Assume that $A_n=k_1+\dots+k_r$ is some representation with $k_i\in M$. Since $k_i< 2^n$ we have $r\geq n$. Let $k_i=2^n-2^{d_i}$; then $\sum_i 2^{d_i}=(2^n-1)+(r-n)2^n$.

Lemma. If $\sum_i 2^{d_i}\equiv -1\pmod{2^k}$, then $|\{i\colon d_i<k\}|\geq k$.

Proof. If we have some equal $d_i$'s, replace them by one number $d_i+1$ with no effect to the mentioned sum. When this process stops, we have exactly one $d_i$ equal to each of $0,1,\dots,k-1$. It remains to notice that $|\{i\colon d_i<n\}|$ does not increase during the process. The lemma is proved.

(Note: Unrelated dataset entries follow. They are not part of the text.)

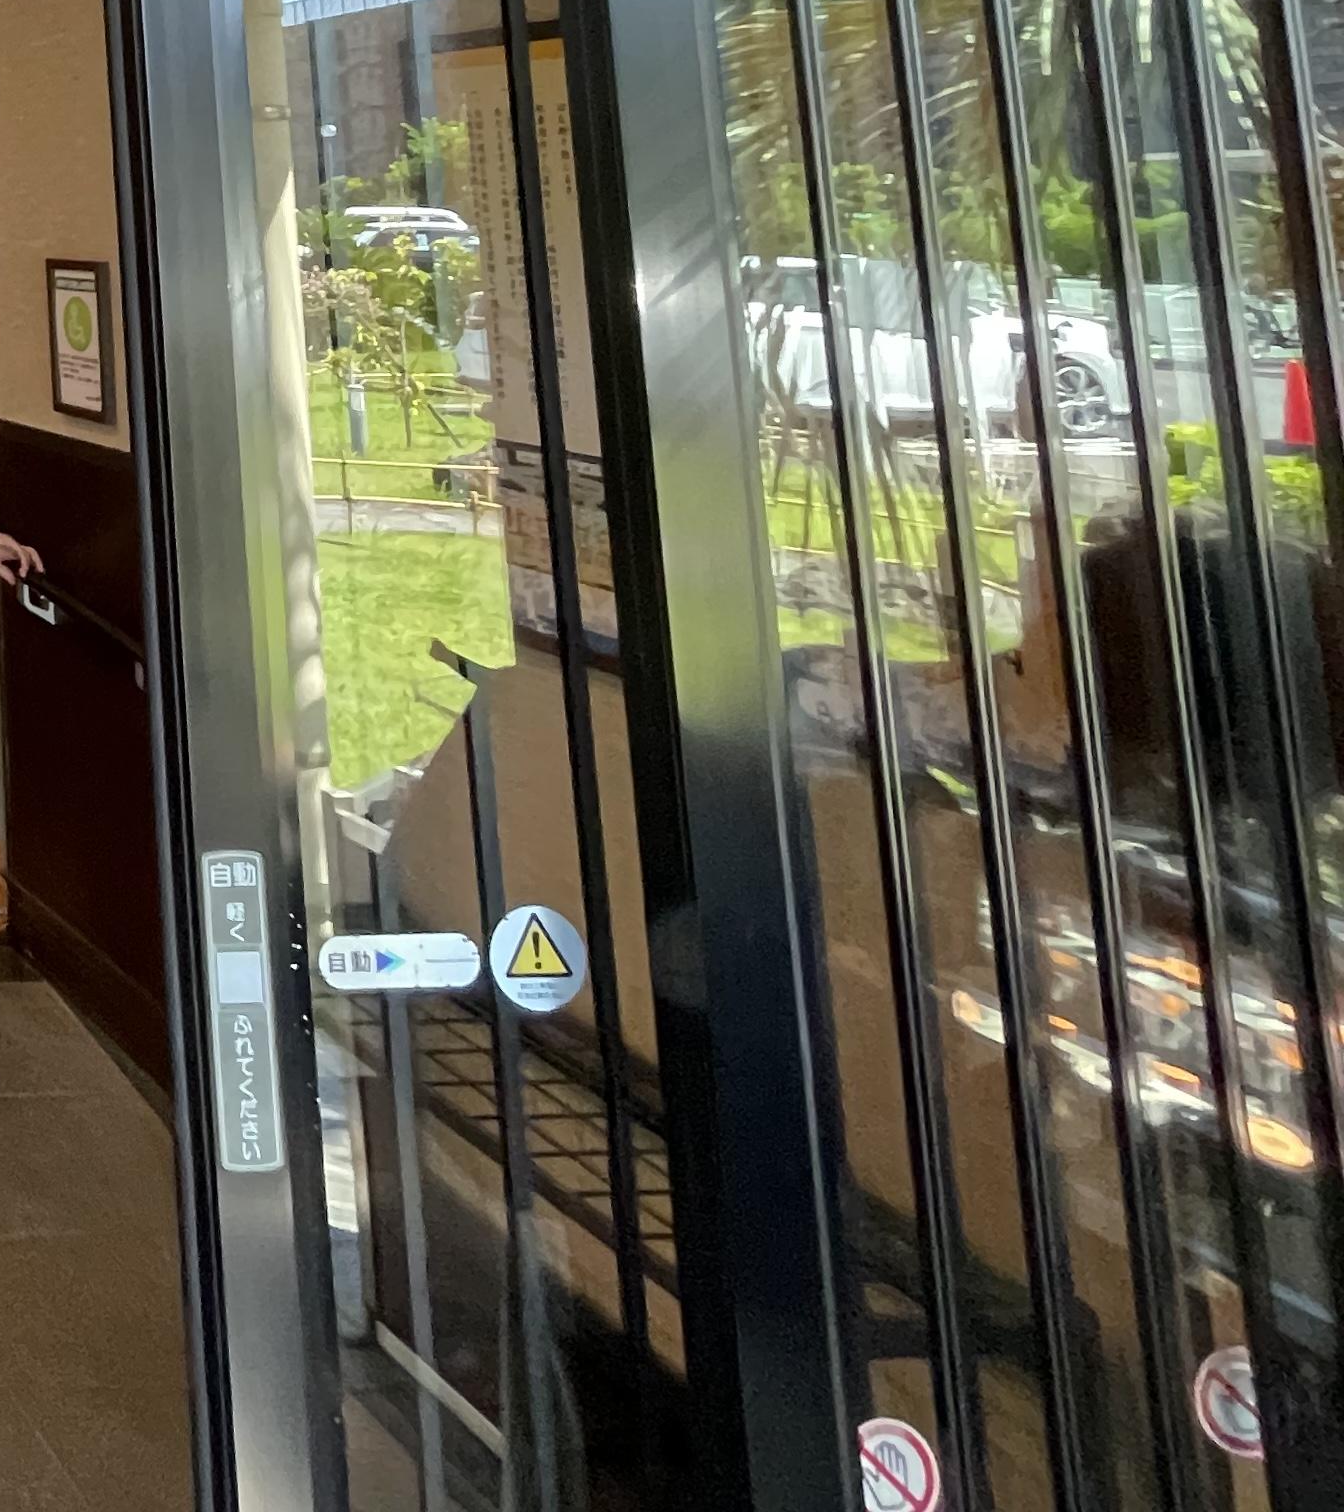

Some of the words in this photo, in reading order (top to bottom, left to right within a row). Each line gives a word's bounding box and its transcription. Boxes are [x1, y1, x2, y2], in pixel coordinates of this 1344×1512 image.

[209, 861, 257, 888] 自動
[328, 950, 372, 974] 自動
[232, 1013, 262, 1161] ふれてください
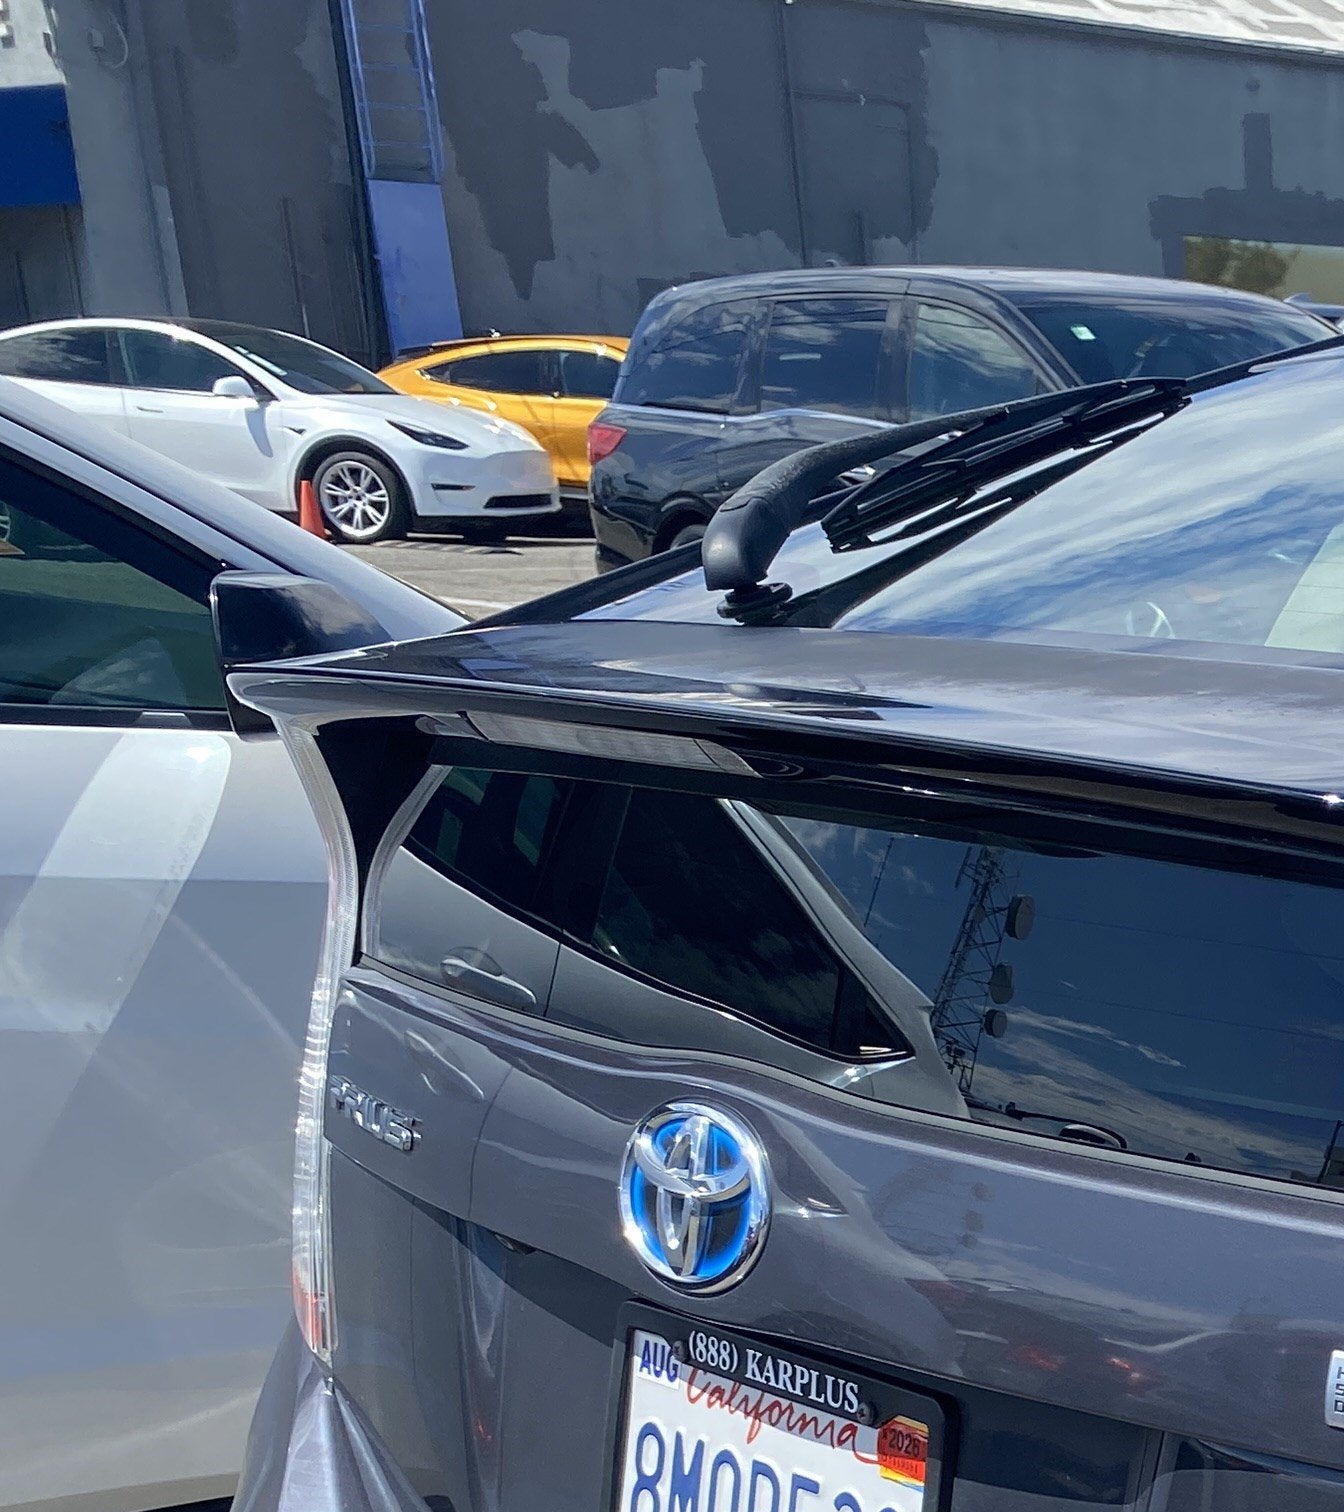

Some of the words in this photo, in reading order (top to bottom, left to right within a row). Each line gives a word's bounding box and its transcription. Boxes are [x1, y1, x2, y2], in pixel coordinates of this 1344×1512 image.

[639, 1339, 680, 1383] AUG
[688, 1330, 740, 1374] (888)
[744, 1347, 861, 1415] KARPLUS
[686, 1366, 873, 1462] California
[888, 1428, 921, 1458] 2026

Finally, the lemma inductively yields that the sum of $k\leq n$ least elements in the list $2^{d_1},\dots,2^{d_r}$ does not exceed $2^k-1$. Thus $\sum_i2^{d_i}\leq 2^n-1+(r-n)2^{n-1}$. Comparing this bound with the value found above we conclude that $n=r$, and the $d_i$ form a permutation of $\{0,1,\dots,n-1\}$, as required.

ADDENDUM. On the other hand, the least number in uniquely representing set $M$ of cardinality $n$ is at least $2^{n-1}$, so the least number of aditive dimension $n$ should be greater than $n2^{n-1}$.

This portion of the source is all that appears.